Pure gold has a bright yellow color and luster traditionally considered attractive, which it maintains without oxidizing in air or water. Chemically, gold is a transition metal and a group 11 element. It is one of the least reactive chemical elements solid under standard conditions. The metal therefore occurs often in free elemental (native) form, as nuggets or grains in rocks, in veins and in alluvial deposits. Less commonly, it occurs in minerals as gold compounds, usually with tellurium.
Gold resists attacks by individual acids, but it can be dissolved by the aqua regia (nitro-hydrochloric acid), so named because it dissolves gold. Gold also dissolves in alkaline solutions of cyanide, which have been used in mining. Gold dissolves in mercury, forming amalgam alloys. Gold is insoluble in nitric acid, which dissolves silver and base metals, a property that has long been used to confirm the presence of gold in items, giving rise to the term the acid test.

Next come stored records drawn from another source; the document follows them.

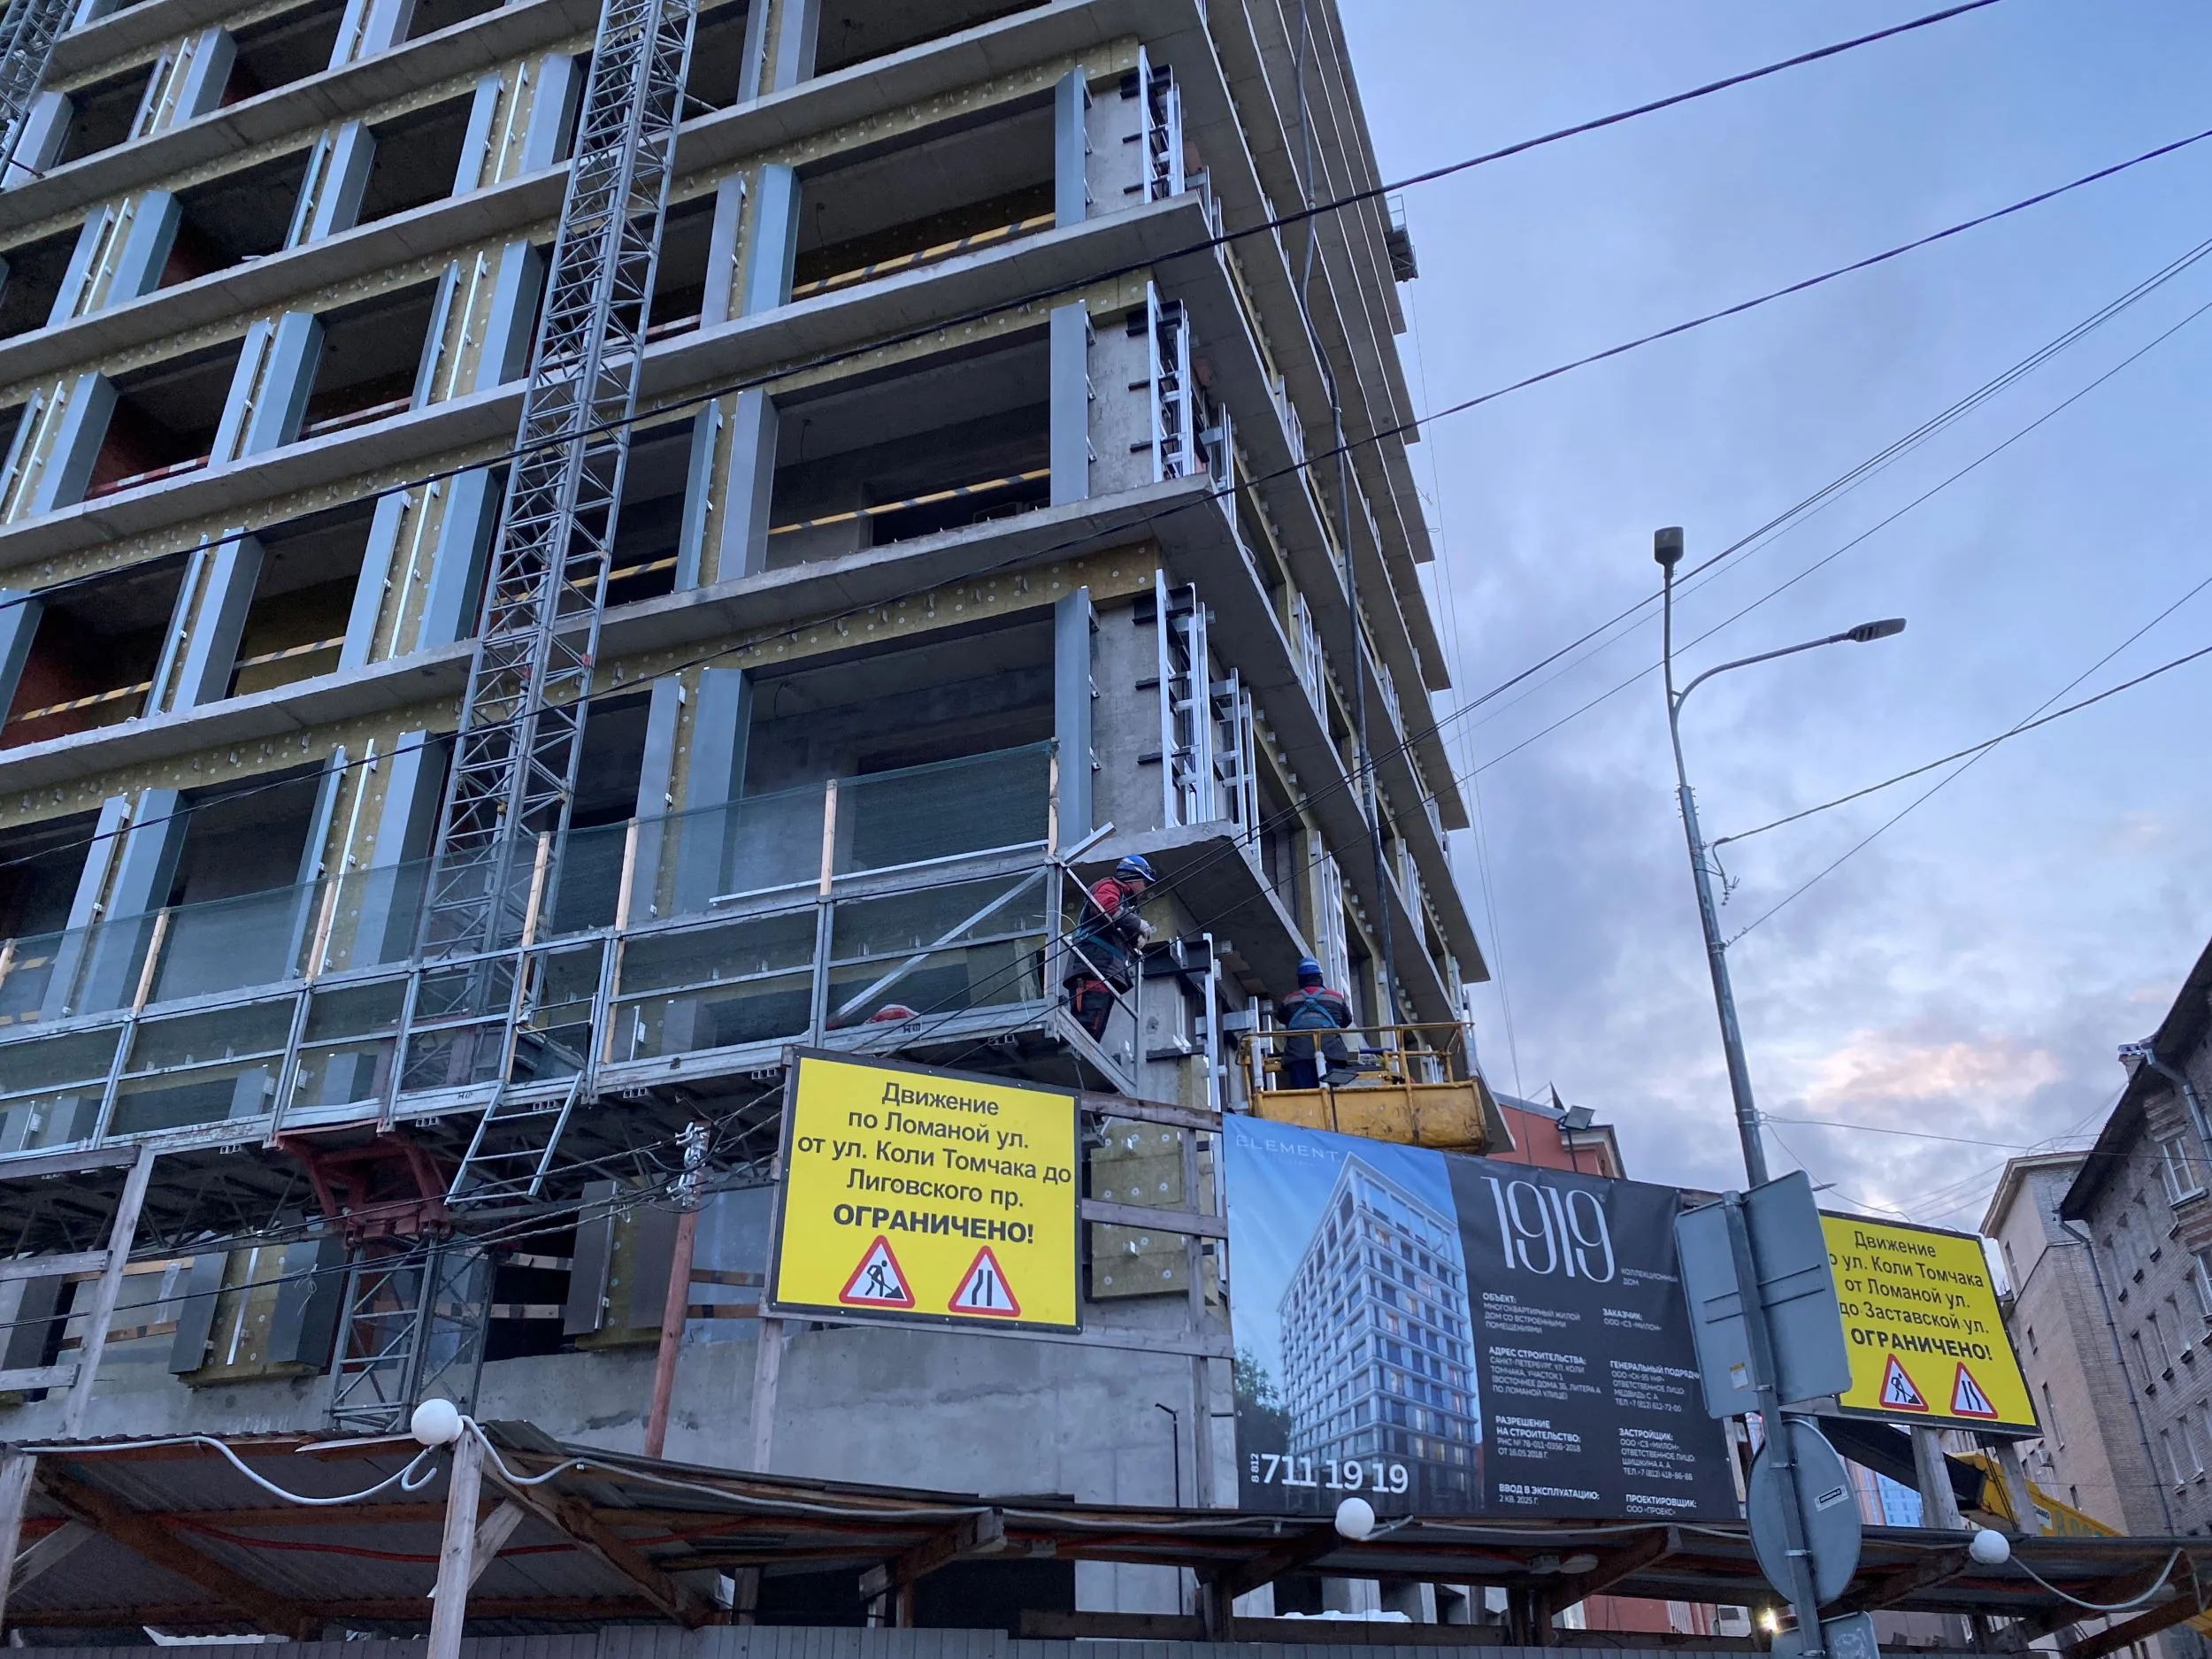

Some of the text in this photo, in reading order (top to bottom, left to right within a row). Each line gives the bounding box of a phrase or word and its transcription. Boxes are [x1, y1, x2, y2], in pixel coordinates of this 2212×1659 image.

[882, 1082, 999, 1116] Движение
[849, 1111, 1029, 1150] по Ломаной ул.
[1236, 1134, 1339, 1162] ELEMENT
[797, 1136, 1071, 1187] от ул. Коли Томчака до
[847, 1168, 1024, 1210] Лиговского пр.
[833, 1203, 1033, 1244] ОГРАНИЧЕНО!
[1480, 1176, 1615, 1283] 1919
[1855, 1230, 1937, 1257] Движение
[1844, 1255, 1868, 1271] ул.
[1871, 1256, 1913, 1277] Коли
[1916, 1263, 1984, 1287] Томчака
[1483, 1293, 1517, 1304] ОБЪЕКТ:
[1845, 1279, 1970, 1310] от Ломаной ул.
[1485, 1311, 1502, 1320] ДОМ
[1602, 1308, 1643, 1320] ЗАКАЗЧИК:
[1840, 1302, 1989, 1335] до Заставской ул.
[1851, 1328, 1993, 1361] ОГРАНИЧЕНО!
[1489, 1347, 1586, 1364] АДРЕС СТРОИТЕЛЬСТВА:
[1610, 1360, 1663, 1374] ГЕНЕРАЛЬНЫЙ
[1537, 1379, 1557, 1389] ДОМА
[1495, 1415, 1550, 1429] РАЗРЕШЕНИЕ
[1496, 1426, 1581, 1443] НА СТРОИТЕЛЬСТВО:
[1619, 1428, 1674, 1441] ЗАСТРОЙЩИК:
[1620, 1438, 1636, 1447] ООО
[1250, 1453, 1260, 1474] 812
[1621, 1448, 1676, 1460] ОТВЕТСТВЕННОЕ
[1261, 1454, 1409, 1494] 711 19 19
[1499, 1484, 1600, 1501] ВВОД В ЭКСПЛУАТАЦИЮ:
[1517, 1495, 1533, 1504] 2025
[1625, 1494, 1697, 1509] ПРОЕКТИРОВЩИК:

Gold has been a valuable and highly sought-after precious metal for coinage, jewelry, and other arts since long before the beginning of recorded history. Gold standards have been a common basis for monetary policies throughout human history, later being supplanted by fiat currency starting in the 1930s. The last gold certificate and gold coin currencies were issued in the U.S. in 1932. In Europe, most countries left the gold standard with the start of World War I in 1914 and, with huge war debts, failed to return to gold as a medium of exchange.
A total of 165,000 tonnes of gold have been mined in human history, as of 2009. This is roughly equivalent to 5.3 billion troy ounces or, in terms of volume, about 8500 m3, or a cube 20.4 m on a side. The world consumption of new gold produced is about 50% in jewelry, 40% in investments, and 10% in industry.
Besides its widespread monetary and symbolic functions, gold has many practical uses in dentistry, electronics, and other fields. Its high malleability, ductility, resistance to corrosion and most other chemical reactions, and conductivity of electricity led to many uses of gold, including electric wiring, colored-glass production and even gold leaf eating.
It has been claimed that most of the Earth's gold lies at its core, the metal's high density having made it sink there in the planet's youth. Virtually all of the gold that mankind has discovered is considered to have been deposited later by meteorites which contained the element. This supposedly explains why, in prehistory, gold appeared as nuggets on the earth's surface.
Mercury
Mercury is a chemical element with the symbol Hg and atomic number 80. It is also known as quicksilver or hydrargyrum ( < Greek "hydr-" water and "argyros" silver). A heavy, silvery d-block element, mercury is the only metal that is liquid at standard conditions for temperature and pressure; the only other element that is liquid under these conditions is bromine, though metals such as caesium, francium, gallium, and rubidium melt just above room temperature. With a freezing point of −38.83 °C and boiling point of 356.73 °C, mercury has one of the narrowest ranges of its liquid state of any metal.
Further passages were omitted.